> **TASK GOAL**
Every entry below should be printed exactly, without its images.

════

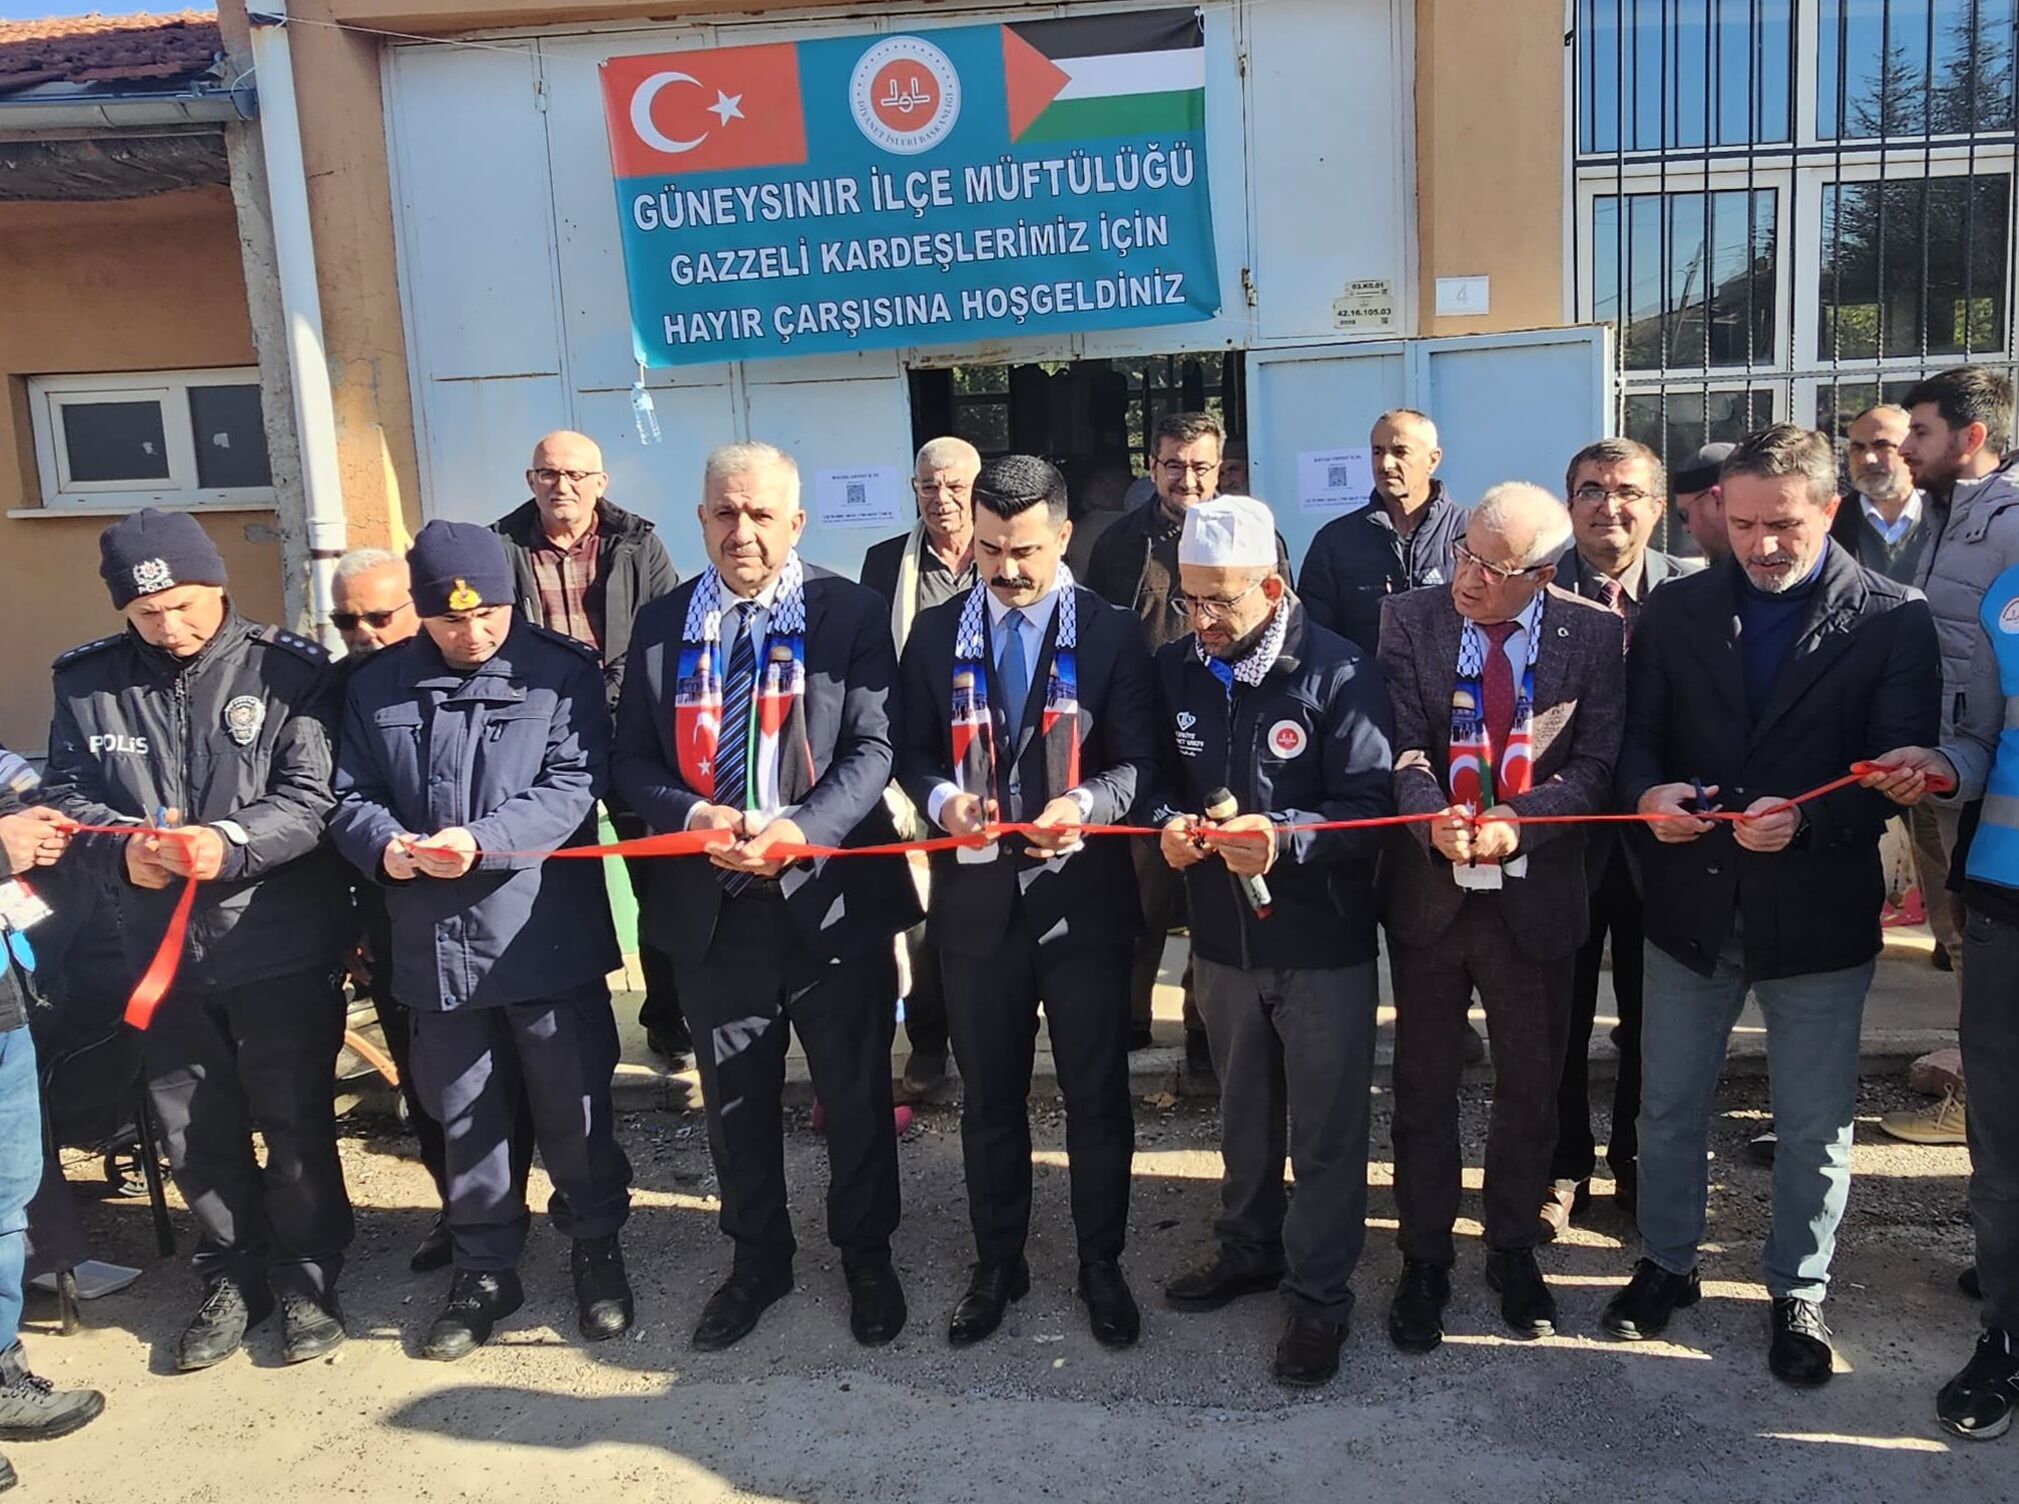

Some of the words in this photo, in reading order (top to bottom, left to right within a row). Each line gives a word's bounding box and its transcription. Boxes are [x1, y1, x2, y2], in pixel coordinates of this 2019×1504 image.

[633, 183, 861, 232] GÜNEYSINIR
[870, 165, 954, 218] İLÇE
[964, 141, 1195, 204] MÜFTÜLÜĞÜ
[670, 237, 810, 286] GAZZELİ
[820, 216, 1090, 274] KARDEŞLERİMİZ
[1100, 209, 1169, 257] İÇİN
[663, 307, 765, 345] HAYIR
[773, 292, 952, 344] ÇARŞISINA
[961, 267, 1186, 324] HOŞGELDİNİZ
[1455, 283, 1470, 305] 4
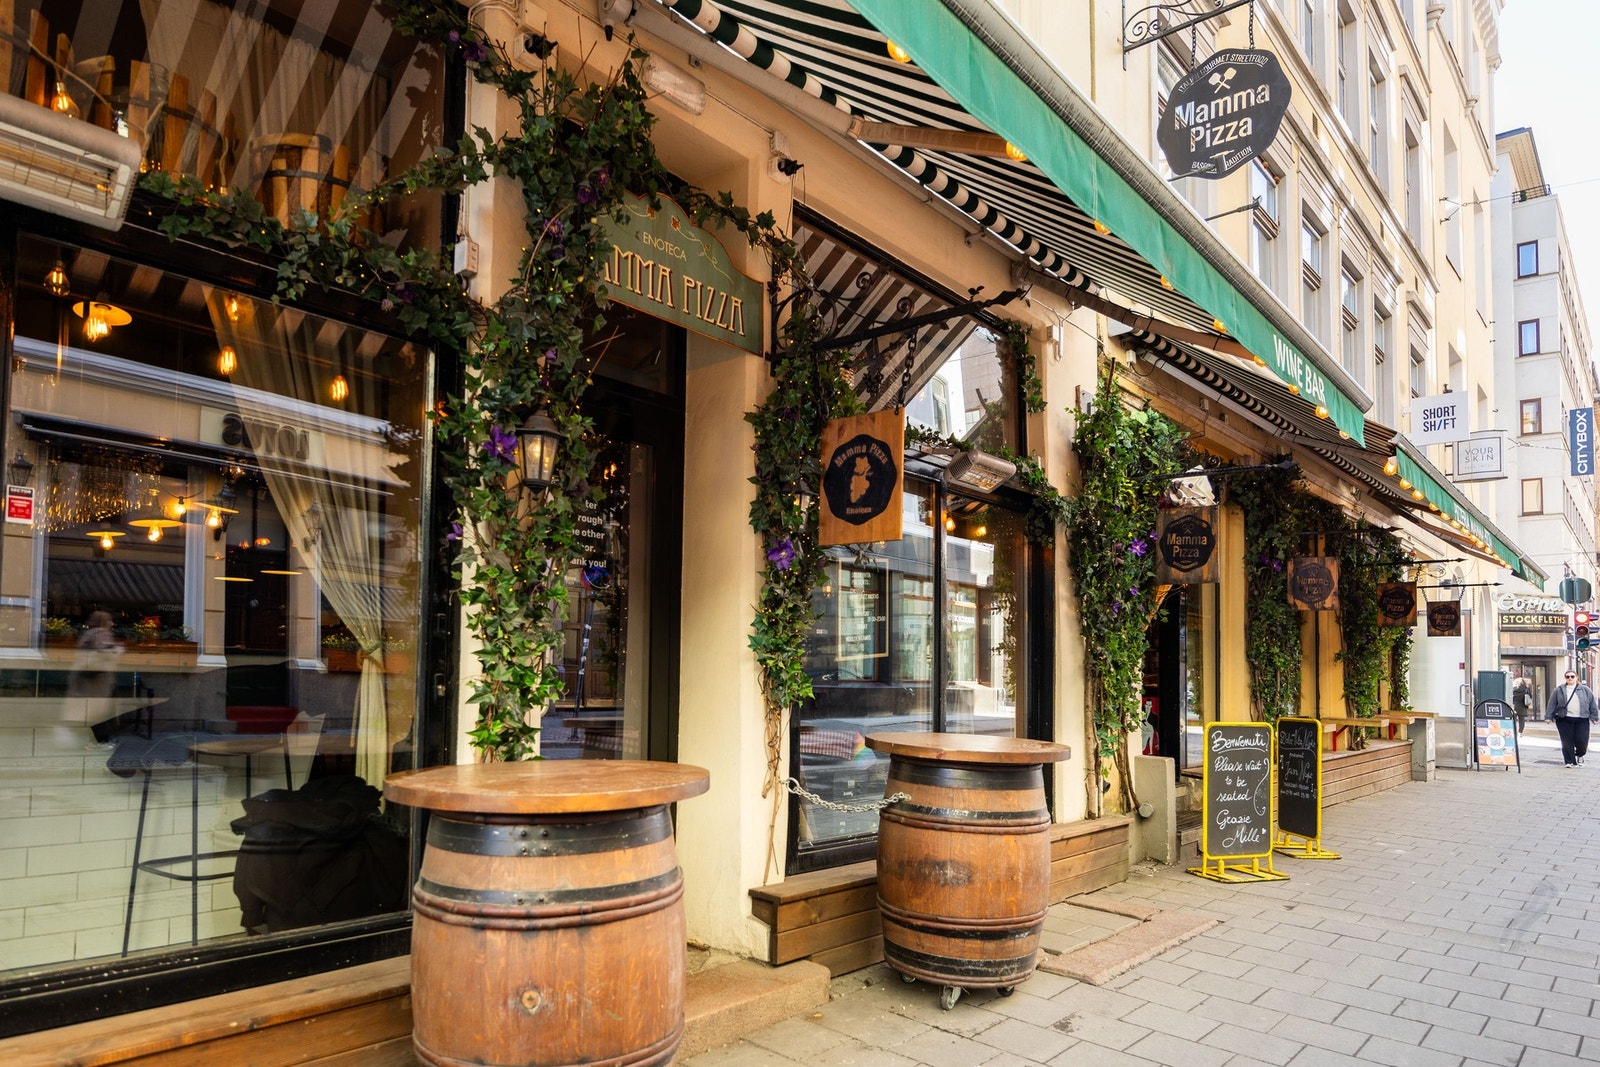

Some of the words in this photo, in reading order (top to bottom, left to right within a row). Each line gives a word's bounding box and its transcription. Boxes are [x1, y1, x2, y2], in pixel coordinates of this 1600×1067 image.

════

> **EXERCISE OUTPUT**
Some of the words in this photo, in reading order (top to bottom, left to right within a row). Each line gives a word's bounding box and its transcription. Boxes are [x1, y1, x2, y2], in pixel coordinates of this 2019×1504 image.

[633, 183, 861, 232] GÜNEYSINIR
[870, 165, 954, 218] İLÇE
[964, 141, 1195, 204] MÜFTÜLÜĞÜ
[670, 237, 810, 286] GAZZELİ
[820, 216, 1090, 274] KARDEŞLERİMİZ
[1100, 209, 1169, 257] İÇİN
[663, 307, 765, 345] HAYIR
[773, 292, 952, 344] ÇARŞISINA
[961, 267, 1186, 324] HOŞGELDİNİZ
[1455, 283, 1470, 305] 4

Some of the words in this photo, in reading order (top to bottom, left to right within a row). Each line gives a word's bounding box and its transcription. Boxes are [x1, y1, x2, y2], in pixel coordinates of this 1600×1067 image.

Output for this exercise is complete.